Head Neck. 2014 Oct;36(10):1398-407. doi: 10.1002/hed.23464. Epub 2013 Nov 18.
Nasopharyngeal carcinoma (NPC) is a unique cancer. Refinement of current therapy by discovering potential drugs may be approached by several computational strategies.
We collected NPC genes from published microarray data and the literature. The NPC disease network was constructed via a protein-protein interaction (PPI) network. The Connectivity Map (CMap) was used to predict potential chemicals, and support vector machines (SVMs) were further utilized to classify the effectiveness of tested drugs against NPC using their gene expression from CMap.
A highly interconnected network was obtained. Several chemically sensitive genes were identified and 87 drugs were predicted with the potential for treating NPC by SVM, in which nearly half of them have anticancer effects according to the literature. The 2 top-ranked drugs, thioridazine and vorinostat, were demonstrated to be effective in inhibiting NPC cells.

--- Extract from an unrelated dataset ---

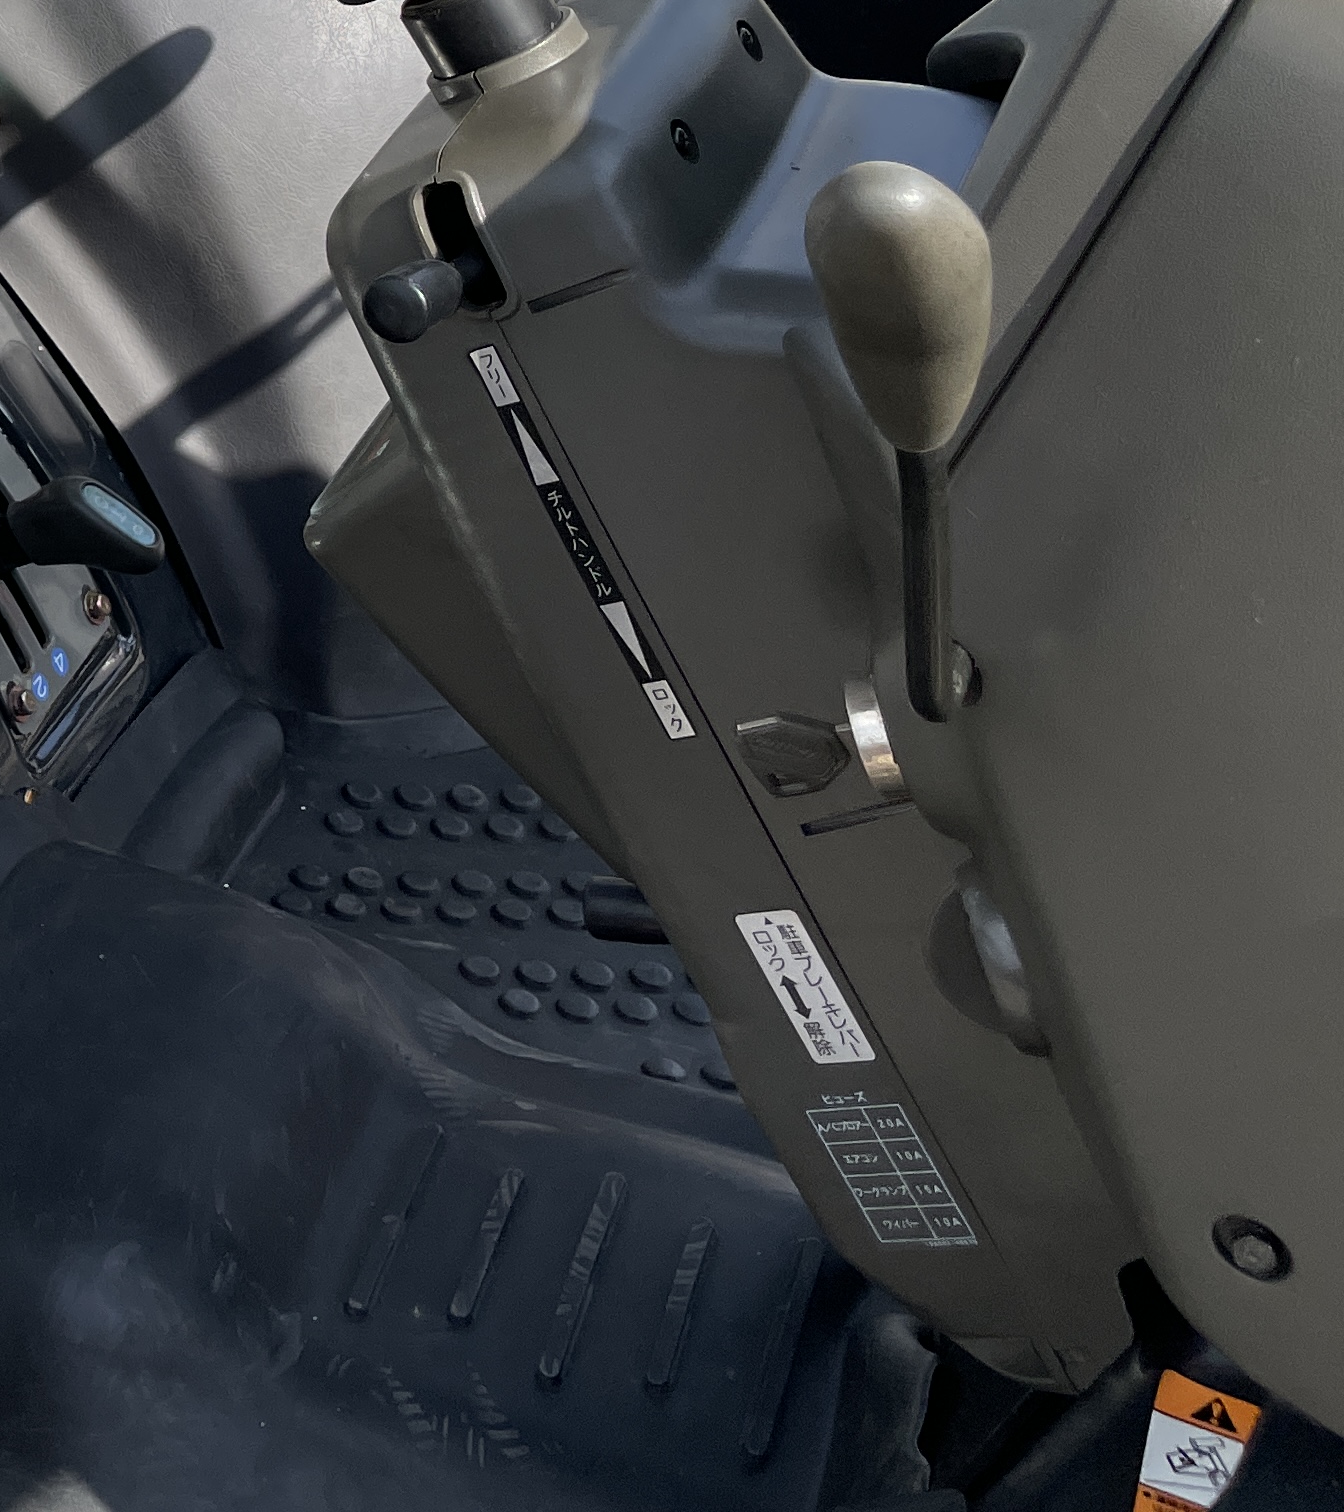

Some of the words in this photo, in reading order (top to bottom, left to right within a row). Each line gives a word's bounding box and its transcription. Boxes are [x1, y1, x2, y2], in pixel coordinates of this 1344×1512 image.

This in silico approach provides a promising strategy for screening potential therapeutic drugs for NPC treatment.
鼻咽癌(NPC)是一种独特的癌症。通过几种计算策略可以发现潜在药物,从而优化当前治疗方法。
我们从已发表的微阵列数据和文献中收集鼻咽癌基因。通过蛋白质-蛋白质相互作用(PPI)网络构建鼻咽癌疾病网络。使用连通性图谱(CMap)预测潜在化学物质,并进一步利用支持向量机(SVM)根据CMap中测试药物的基因表达对其针对鼻咽癌的有效性进行分类。
获得了一个高度互联的网络。鉴定出了几个化学敏感基因,通过支持向量机预测出87种具有治疗鼻咽癌潜力的药物,根据文献,其中近一半具有抗癌作用。排名前两位的药物硫利达嗪和伏立诺他被证明可有效抑制鼻咽癌细胞。
这种计算机模拟方法为筛选用于鼻咽癌治疗的潜在治疗药物提供了一种有前景的策略。